Souza Cruz defende que o ambiente regulatório deve ser pautado por fortes evidências e consistentes pesquisas

A Souza Cruz concorda com a existência de uma regulamentação sensata, que trate de forma transparente os riscos associados ao consumo de produtos derivados do tabaco. Assim, cumpre à risca todas as determinações regulatórias do mercado de cigarros em termos de produtos, comercialização, comunicação e publicidade.

No entanto, a companhia também defende que seus consumidores, adultos e conscientes destes riscos, tenham livremente o direito de optar por fazer ou não uso de um produto legalmente produzido e comercializado.

Neste sentido, a Souza Cruz busca diálogos com o poder público para, de forma transparente, apresentar suas ideias a respeito do ambiente regulatório, apoiando determinadas propostas, mas também apresentando questionamentos quando necessário. A companhia acredita que toda regulamentação deva ser pautada por fortes evidências e consistentes pesquisas, que levarão a decisões sensatas e racionais.

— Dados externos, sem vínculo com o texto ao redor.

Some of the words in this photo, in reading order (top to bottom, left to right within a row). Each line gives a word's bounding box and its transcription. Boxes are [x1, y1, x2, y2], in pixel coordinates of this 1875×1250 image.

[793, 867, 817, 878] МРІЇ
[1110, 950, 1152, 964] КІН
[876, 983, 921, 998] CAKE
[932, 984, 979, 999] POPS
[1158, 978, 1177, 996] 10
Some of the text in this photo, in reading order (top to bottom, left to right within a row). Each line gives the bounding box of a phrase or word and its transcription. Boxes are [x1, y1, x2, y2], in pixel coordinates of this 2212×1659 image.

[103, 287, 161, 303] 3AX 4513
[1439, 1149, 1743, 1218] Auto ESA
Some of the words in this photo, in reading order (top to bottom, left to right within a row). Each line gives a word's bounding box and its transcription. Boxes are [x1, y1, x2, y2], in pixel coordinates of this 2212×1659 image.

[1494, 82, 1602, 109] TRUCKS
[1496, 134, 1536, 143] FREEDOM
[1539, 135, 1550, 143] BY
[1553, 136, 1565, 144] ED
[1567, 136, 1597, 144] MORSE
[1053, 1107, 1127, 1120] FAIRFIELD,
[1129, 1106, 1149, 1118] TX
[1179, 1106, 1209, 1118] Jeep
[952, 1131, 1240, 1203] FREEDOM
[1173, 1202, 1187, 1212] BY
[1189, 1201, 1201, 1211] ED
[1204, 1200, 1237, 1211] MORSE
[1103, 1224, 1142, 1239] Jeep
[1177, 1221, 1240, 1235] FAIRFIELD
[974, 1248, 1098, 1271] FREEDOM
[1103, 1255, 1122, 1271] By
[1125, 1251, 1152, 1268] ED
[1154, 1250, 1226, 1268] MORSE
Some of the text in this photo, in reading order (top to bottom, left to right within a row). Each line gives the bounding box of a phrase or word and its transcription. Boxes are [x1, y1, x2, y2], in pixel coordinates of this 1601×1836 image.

As restrições regulatórias para cigarros são cada vez maiores no Brasil. Alguns exemplos dessas limitações podem ser vistos na proibição da propaganda comercial dos produtos em qualquer meio, inserção de advertências nas embalagens e proibição de fumar em recinto coletivo fechado.

O Congresso Nacional e a Agência Nacional de Vigilância Sanitária (Anvisa) também debatem a possibilidade de adoção de embalagens genéricas. Se aprovada, a medida eliminará as diferenças entre marcas – e, consequentemente, as características de qualidade e inovação presentes em cada produto.

Outros projetos de lei estão em curso nos âmbitos federal, estadual e municipal. Em geral, as propostas caminham na direção de um ambiente ainda mais regulado e restritivo, o que acaba, de forma indireta, beneficiando o mercado ilegal, que comumente não observa nenhum tipo de determinação legal, seja ela de natureza tributária ou regulatória.

Atuação do grupo

A postura adotada pela Souza Cruz no Brasil decorre da postura adotada pela BAT ao redor do mundo. Na França e nos Estados Unidos, por exemplo, a BAT trabalhou recentemente em conjunto com órgãos regulatórios para voluntariamente estabelecer padrões para o controle de cigarros eletrônicos.

O grupo monitora ainda as questões regulatórias referentes ao mercado global de tabaco. Na Austrália, por exemplo, a BAT se posicionou contrariamente à adoção de embalagens genéricas, em 2012. A medida regulatória em questão, confirmando o entendimento defendido pela BAT na época em que foi debatida, não resultou no efeito esperado pelo governo local, já que não houve registro de queda no consumo de cigarros.

Convenção Quadro

Internacionalmente, um importante marco aconteceu em maio de 1999, quando, durante a 52ª Assembleia Mundial da Saúde, a Organização Mundial de Saúde (OMS) firmou com 192 países a elaboração da Convenção-Quadro para o Controle do Tabaco (Framework Convention on Tobacco Control, em inglês). O acordo vem orientando a formulação de políticas públicas de saúde nos países signatários.

Em 2003, o Brasil assinou o tratado, que dois anos mais tarde foi aprovado pelo Congresso Nacional e ratificado pelo governo. A Souza Cruz apoia diversos pontos da Convenção-Quadro, como o combate ao mercado ilegal, mas também se manifesta de forma contrária a outros aspectos, ligados, principalmente, às tentativas de restrição do cultivo de tabaco no país.